### PROVIDED INFORMATION:
- - - - - - -
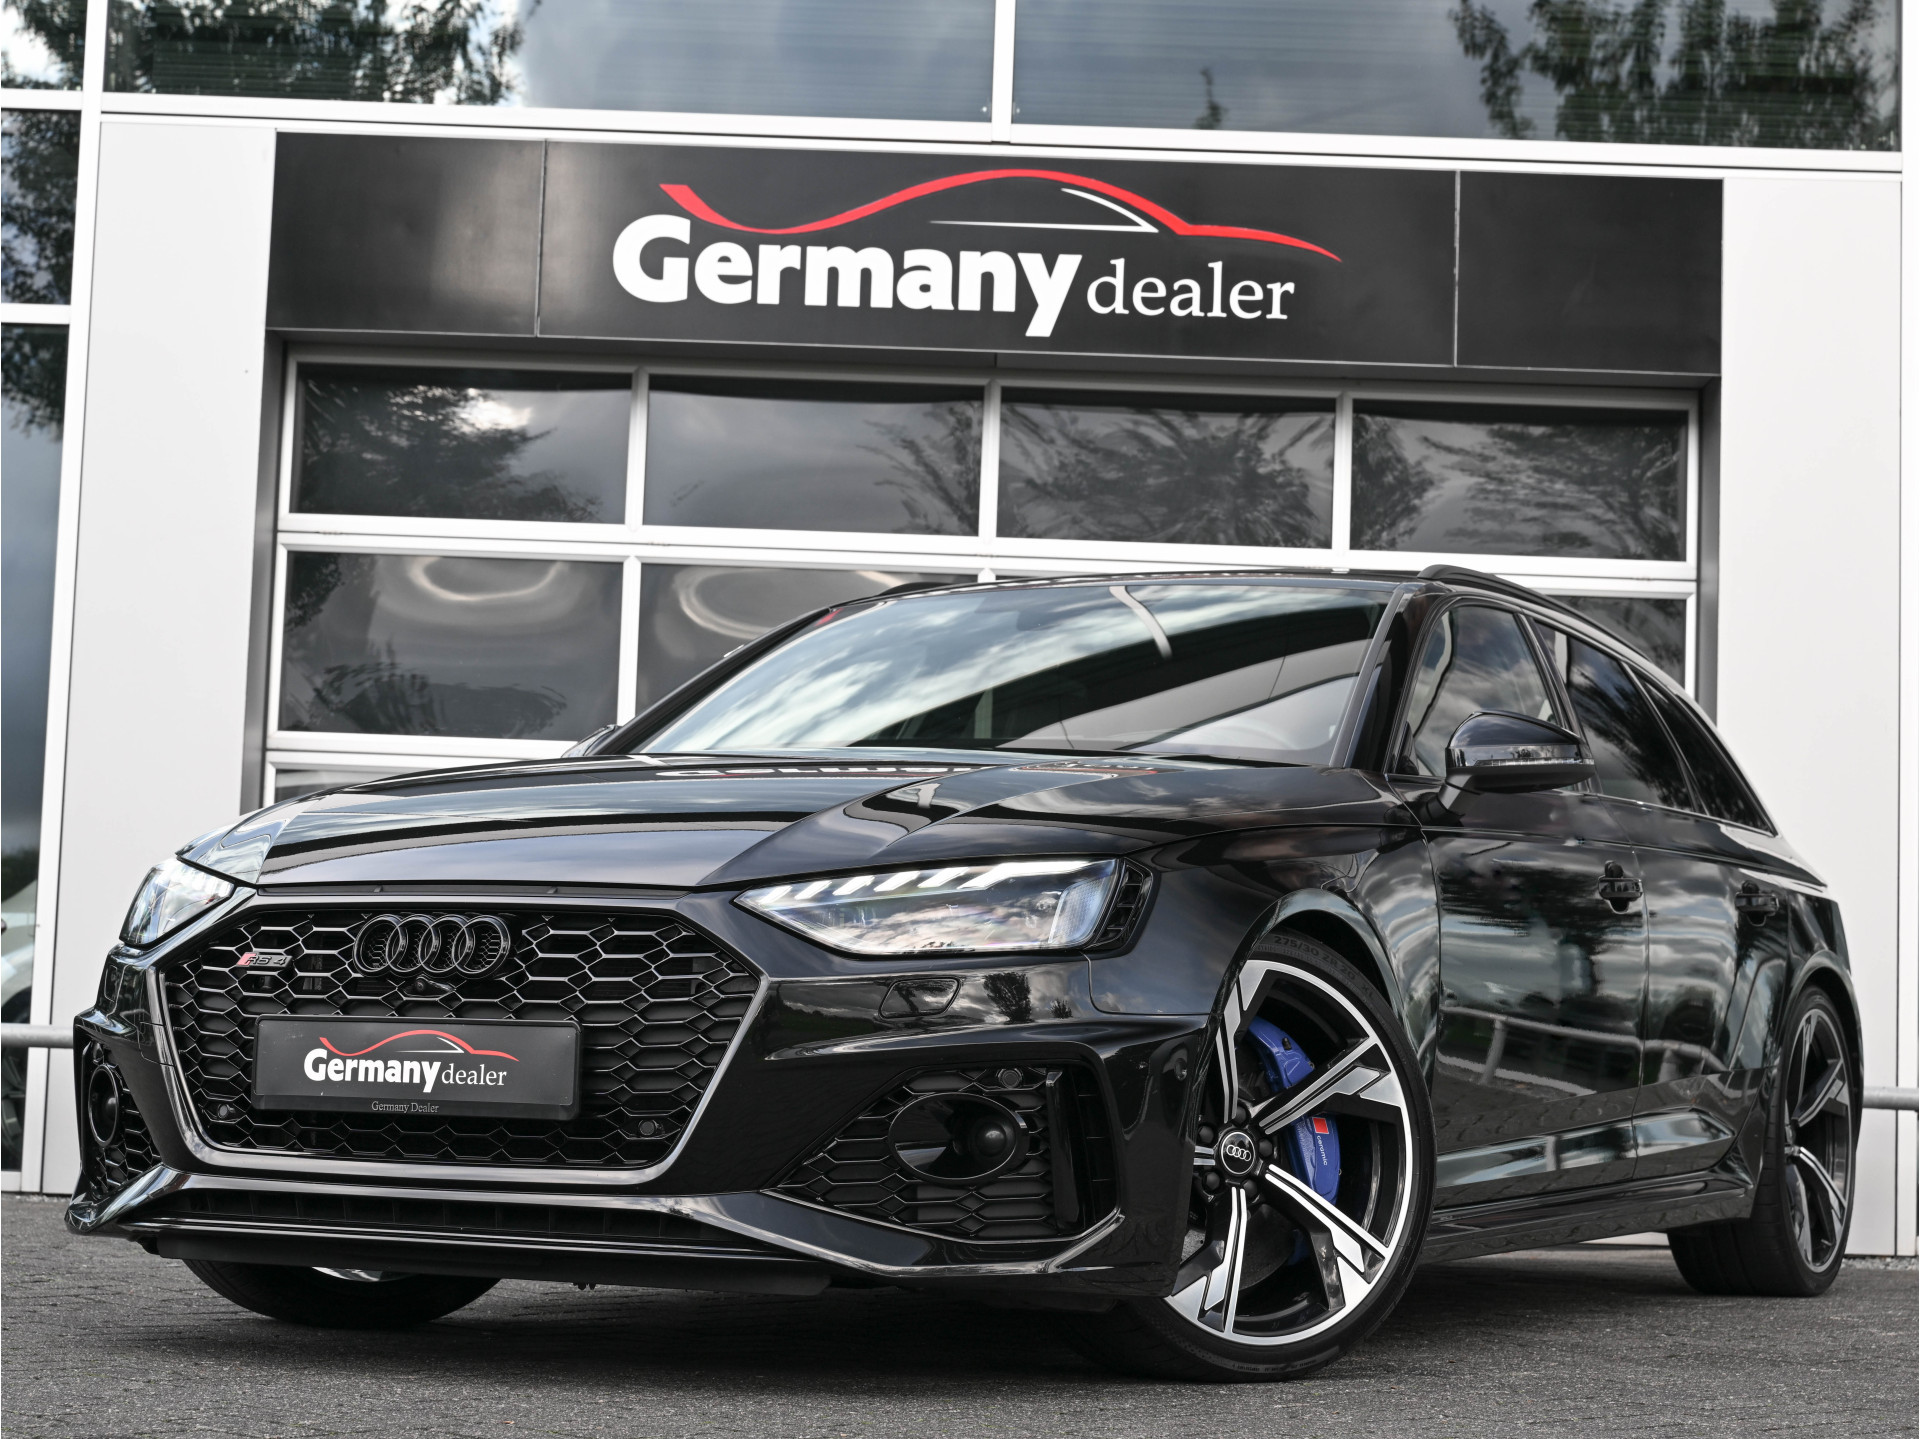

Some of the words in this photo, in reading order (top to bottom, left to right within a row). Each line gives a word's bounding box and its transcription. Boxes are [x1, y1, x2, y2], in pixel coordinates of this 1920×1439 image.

[612, 214, 1083, 337] Germany
[1086, 257, 1295, 320] dealer
[1274, 935, 1320, 957] 275/30
[303, 1048, 442, 1093] Germany
[441, 1062, 508, 1086] dealer
[371, 1100, 410, 1114] Germany
[410, 1102, 440, 1113] Dealer
[1316, 1135, 1328, 1166] ceramic
- - - - - - -
Would you set down the listing exactly, omitting pictures?

### TASK OUTPUT:
Some of the words in this photo, in reading order (top to bottom, left to right within a row). Each line gives a word's bounding box and its transcription. Boxes are [x1, y1, x2, y2], in pixel coordinates of this 1920×1439 image.

[612, 214, 1083, 337] Germany
[1086, 257, 1295, 320] dealer
[1274, 935, 1320, 957] 275/30
[303, 1048, 442, 1093] Germany
[441, 1062, 508, 1086] dealer
[371, 1100, 410, 1114] Germany
[410, 1102, 440, 1113] Dealer
[1316, 1135, 1328, 1166] ceramic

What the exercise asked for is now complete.